We want to make a sharper claim than "metrics can be gamed." We think time-to-triage is measuring the wrong thing entirely. The metric that matters is risk actually removed per unit of human and AI effort spent — outcomes, not activity. And we know this reframe has teeth, because we have watched the speed number lie inside our own product, and we have already had to build the machinery to catch it.

How a speed metric silently rewards wrong answers

Start with a design fact from our own schema. In our findings model, is_resolved is a computed expression: a finding counts as resolved if it was superseded by a newer scan, or allowlisted, or archived, or marked a false positive, or marked a duplicate, or has a fix timestamp. Six different states, one tick in the "resolved" column.

That is not a bug. Each of those states genuinely means "stop showing me this." But notice what it does to any speed metric built on top: a finding that was correctly identified as noise and a finding that was actually fixed become indistinguishable in the count, and therefore in the average time to reach it. The fast right answer and the fast wrong answer settle into the same bucket. If your scoreboard is "how quickly did findings reach a resolved state," you are rewarding both.

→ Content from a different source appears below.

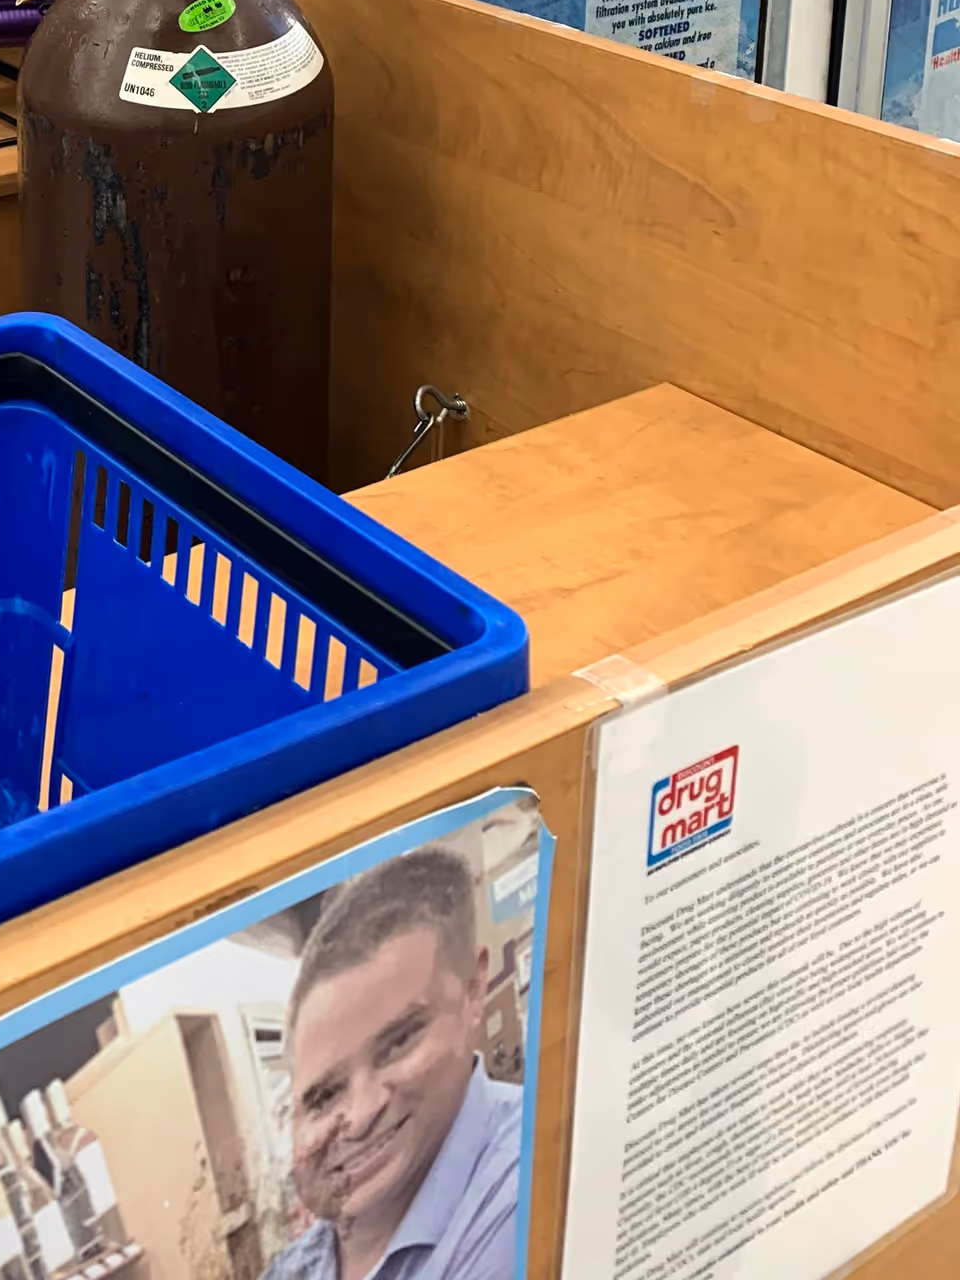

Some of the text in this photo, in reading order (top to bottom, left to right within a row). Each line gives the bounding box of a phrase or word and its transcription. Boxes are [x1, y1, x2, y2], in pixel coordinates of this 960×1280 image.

We learned how much that matters the hard way. One of our own post-mortems, half-joking, was titled "The Case of the 40,000 Missing False Positives." A view meant to surface everything we had triaged out as noise — the single best value story an AppSec platform tells, "look how much we filtered so your engineers never saw it" — was built on a filter that asked for false positives that were not resolved. Because a false positive is resolved by definition, that set was empty by construction. At one customer, close to 40,000 correctly-triaged-out findings were sitting invisible in the UI. The activity had happened. The number that should have represented it was structurally incapable of showing it. The closing line of that write-up has stuck with us: the prettiest first explanation is often the wrong one, and "it compiles" is not the same as "it's correct."

The number lied, and everything downstream still looked green

Speed metrics fail in a second, more embarrassing way: they conflate stories that have nothing to do with each other.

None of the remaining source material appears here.